— TASK BRIEF —
Give the whole listing below once more, exactly, without pictures.

— TASK INPUT —
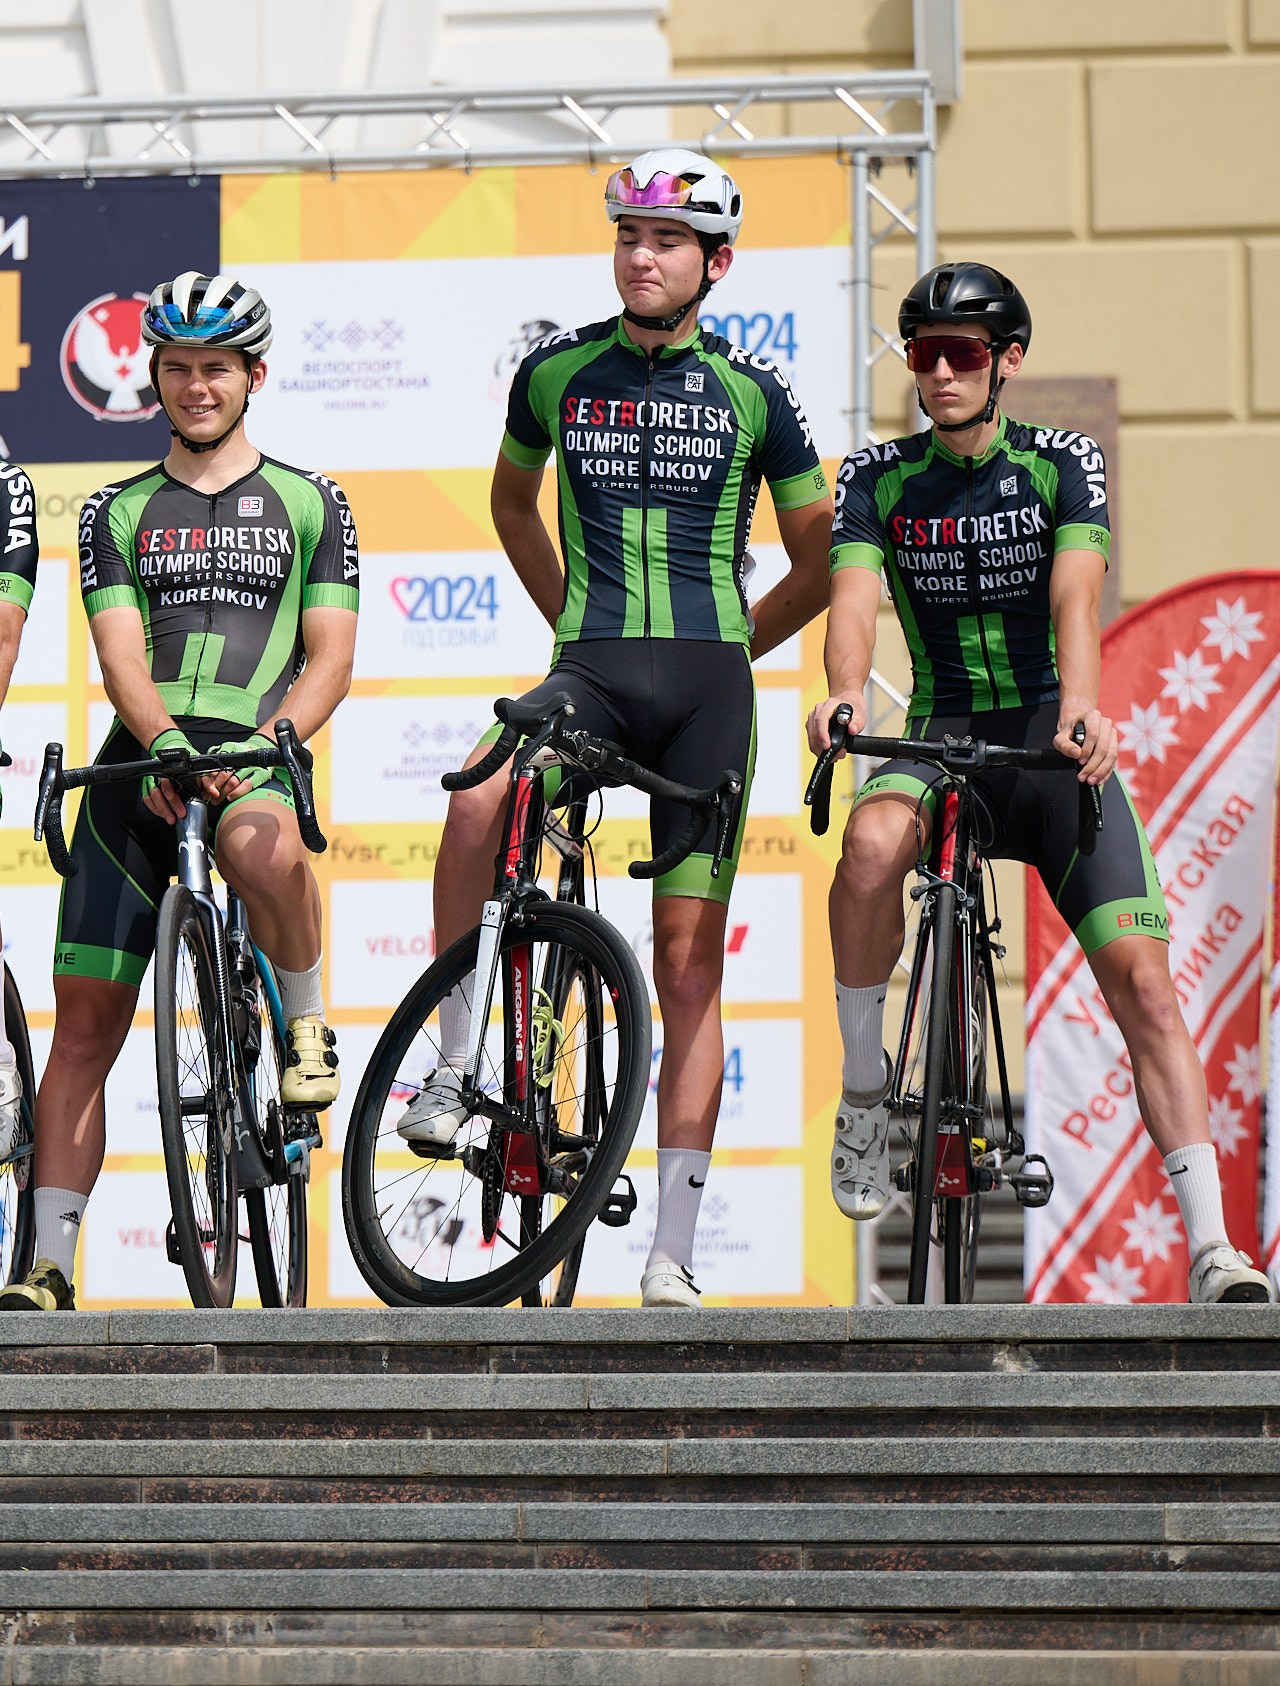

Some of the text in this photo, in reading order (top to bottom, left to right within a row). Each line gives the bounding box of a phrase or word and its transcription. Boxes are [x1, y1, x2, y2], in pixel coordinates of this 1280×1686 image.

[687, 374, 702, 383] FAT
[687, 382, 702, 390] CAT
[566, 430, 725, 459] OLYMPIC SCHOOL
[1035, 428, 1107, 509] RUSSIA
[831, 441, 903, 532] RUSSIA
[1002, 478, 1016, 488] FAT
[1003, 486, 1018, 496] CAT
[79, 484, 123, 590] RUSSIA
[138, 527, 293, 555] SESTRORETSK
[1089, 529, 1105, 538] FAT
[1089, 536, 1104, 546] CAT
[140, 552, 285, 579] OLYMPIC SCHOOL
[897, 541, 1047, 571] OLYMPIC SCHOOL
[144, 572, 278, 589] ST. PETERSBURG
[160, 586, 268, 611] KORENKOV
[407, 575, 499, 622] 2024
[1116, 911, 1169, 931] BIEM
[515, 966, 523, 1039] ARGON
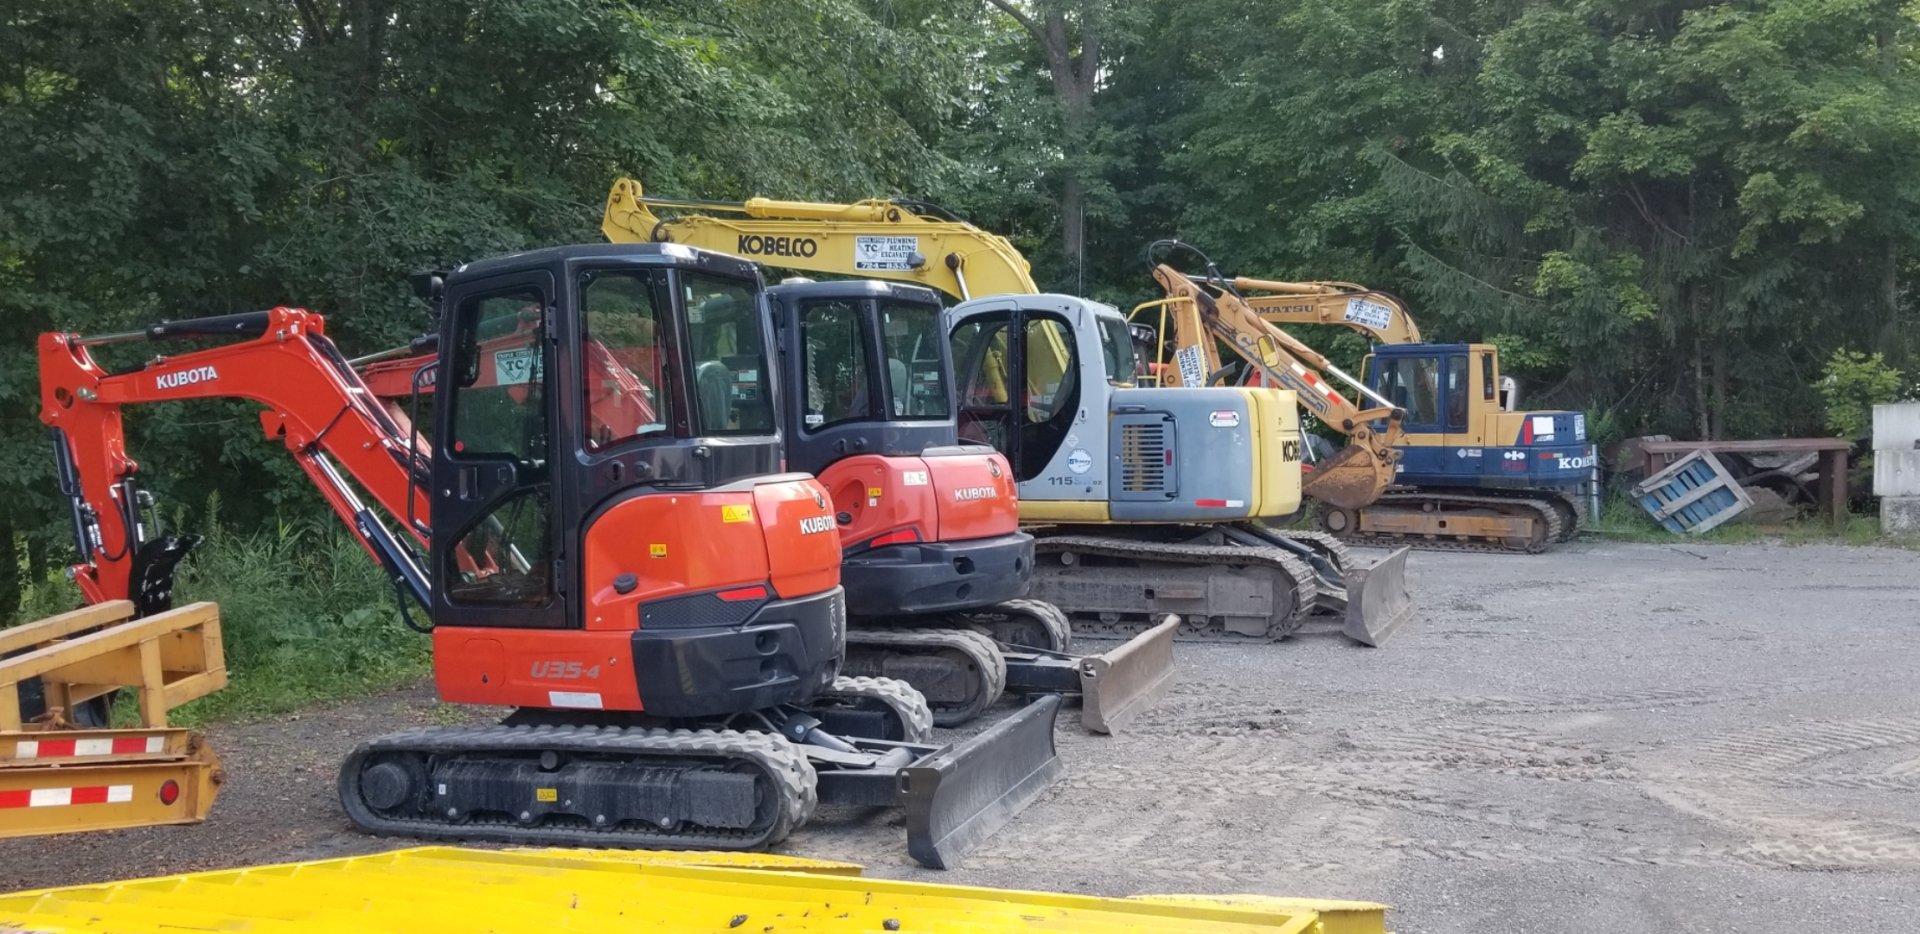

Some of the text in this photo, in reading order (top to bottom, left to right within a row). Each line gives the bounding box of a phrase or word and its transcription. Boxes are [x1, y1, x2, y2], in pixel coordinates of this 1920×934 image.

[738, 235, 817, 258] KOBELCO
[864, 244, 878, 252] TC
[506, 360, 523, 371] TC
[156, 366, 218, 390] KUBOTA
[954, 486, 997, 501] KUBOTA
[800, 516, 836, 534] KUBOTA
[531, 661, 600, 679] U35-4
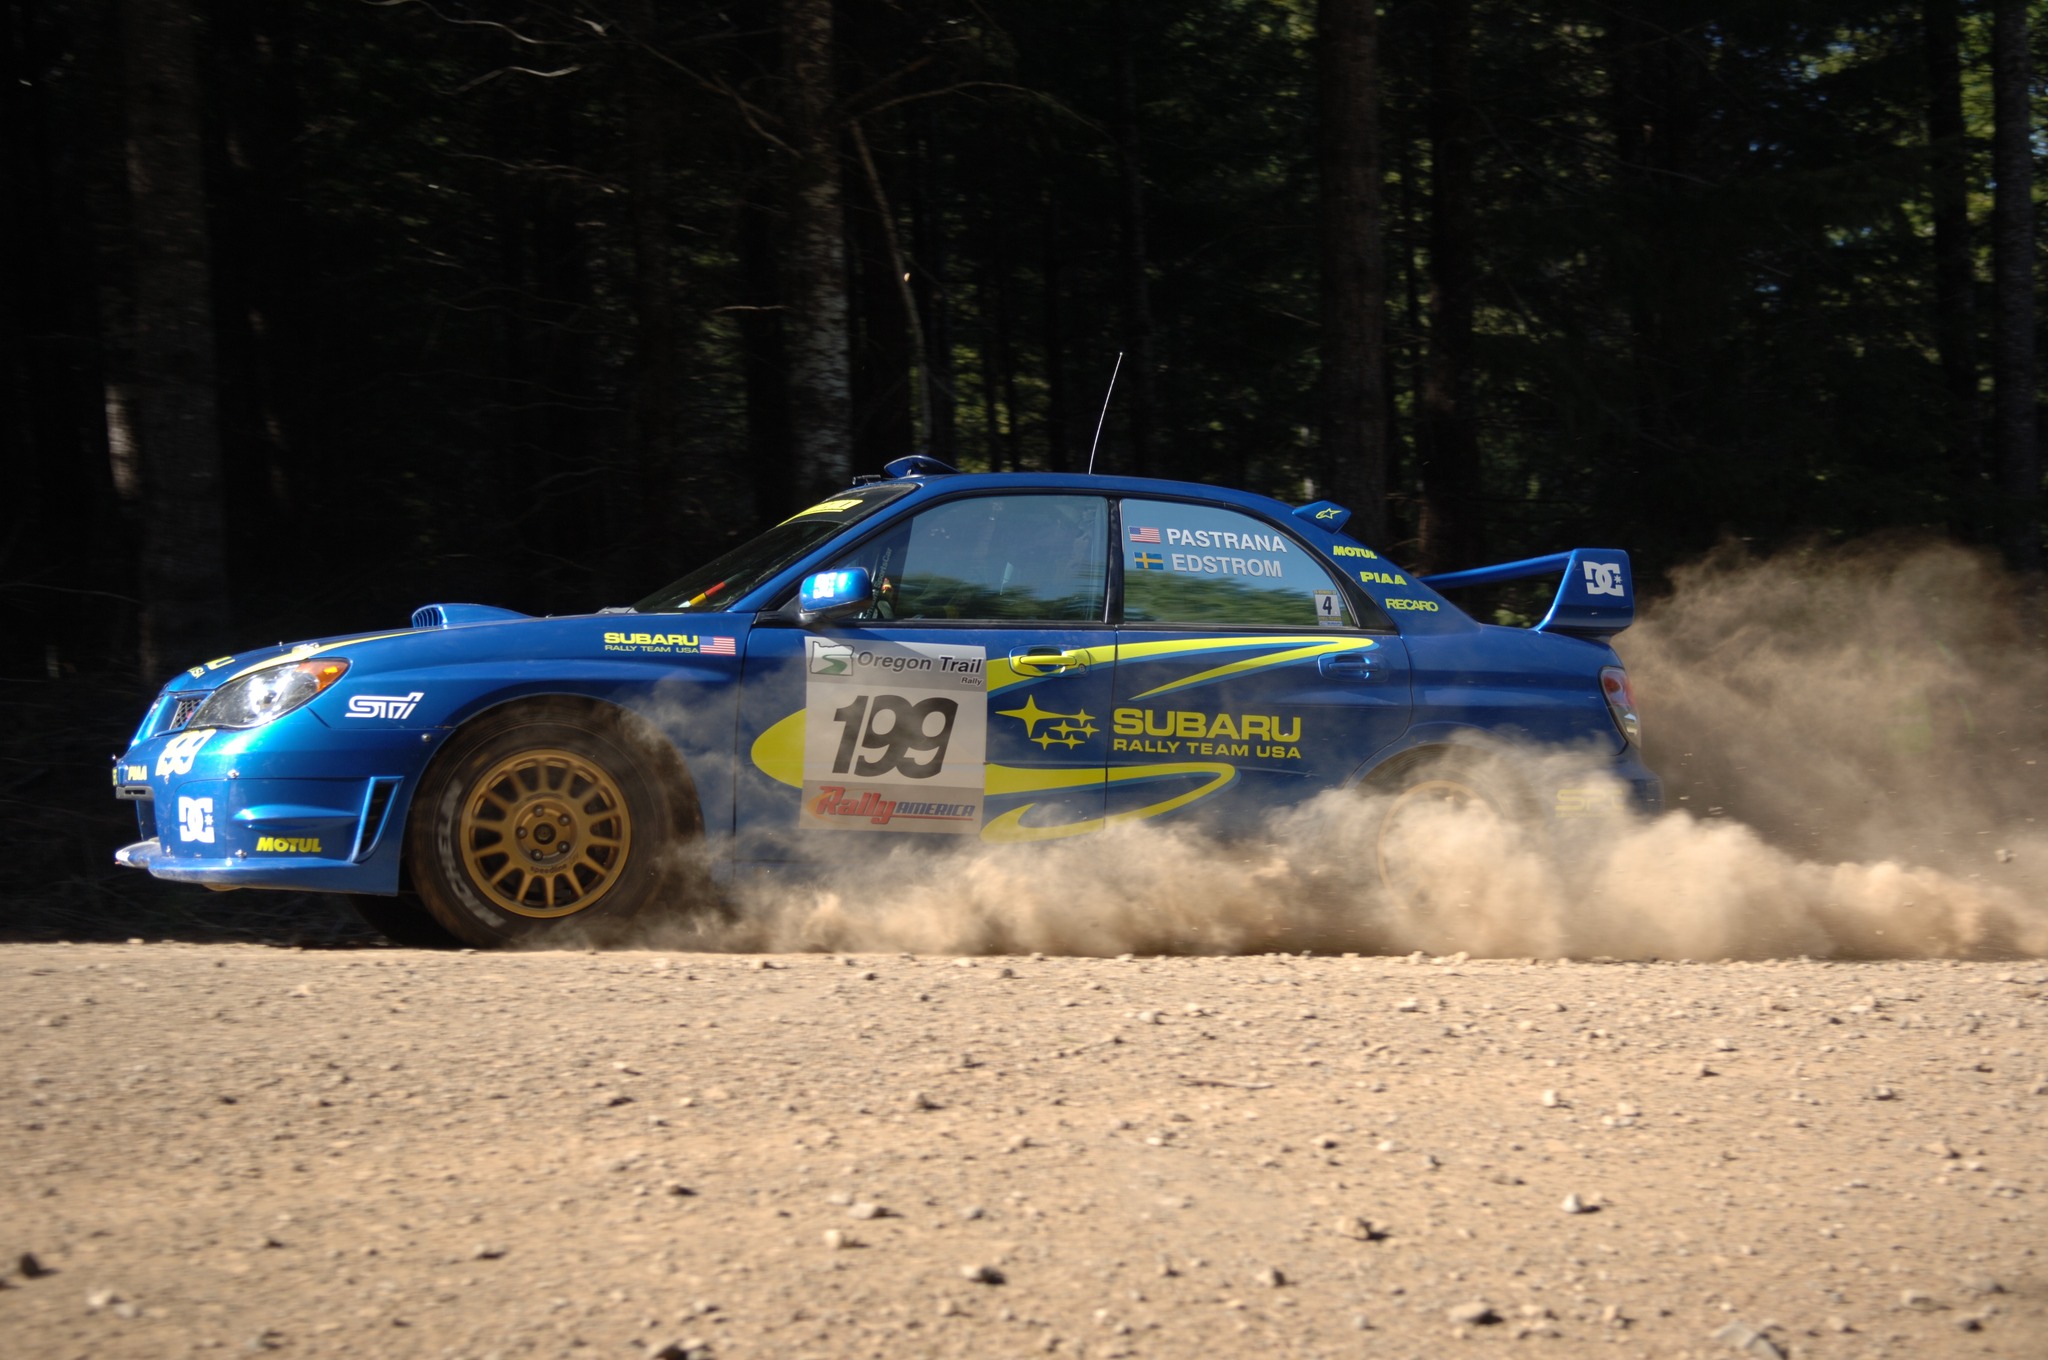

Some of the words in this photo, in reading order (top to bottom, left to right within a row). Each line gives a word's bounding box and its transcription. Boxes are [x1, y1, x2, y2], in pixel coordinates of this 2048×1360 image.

— RESPONSE TO THIS EXERCISE —
Some of the text in this photo, in reading order (top to bottom, left to right within a row). Each line gives the bounding box of a phrase or word and its transcription. Boxes are [x1, y1, x2, y2], in pixel coordinates of this 1280×1686 image.

[687, 374, 702, 383] FAT
[687, 382, 702, 390] CAT
[566, 430, 725, 459] OLYMPIC SCHOOL
[1035, 428, 1107, 509] RUSSIA
[831, 441, 903, 532] RUSSIA
[1002, 478, 1016, 488] FAT
[1003, 486, 1018, 496] CAT
[79, 484, 123, 590] RUSSIA
[138, 527, 293, 555] SESTRORETSK
[1089, 529, 1105, 538] FAT
[1089, 536, 1104, 546] CAT
[140, 552, 285, 579] OLYMPIC SCHOOL
[897, 541, 1047, 571] OLYMPIC SCHOOL
[144, 572, 278, 589] ST. PETERSBURG
[160, 586, 268, 611] KORENKOV
[407, 575, 499, 622] 2024
[1116, 911, 1169, 931] BIEM
[515, 966, 523, 1039] ARGON

Some of the text in this photo, in reading order (top to bottom, left to right within a row). Each line gives the bounding box of a phrase or word and its transcription. Boxes are [x1, y1, x2, y2], in pixel coordinates of this 1920×934 image.

[738, 235, 817, 258] KOBELCO
[864, 244, 878, 252] TC
[506, 360, 523, 371] TC
[156, 366, 218, 390] KUBOTA
[954, 486, 997, 501] KUBOTA
[800, 516, 836, 534] KUBOTA
[531, 661, 600, 679] U35-4

Some of the words in this photo, in reading order (top to bottom, left to right within a row). Each line gives a word's bounding box and its transcription. Boxes are [x1, y1, x2, y2], in pixel coordinates of this 2048×1360 image.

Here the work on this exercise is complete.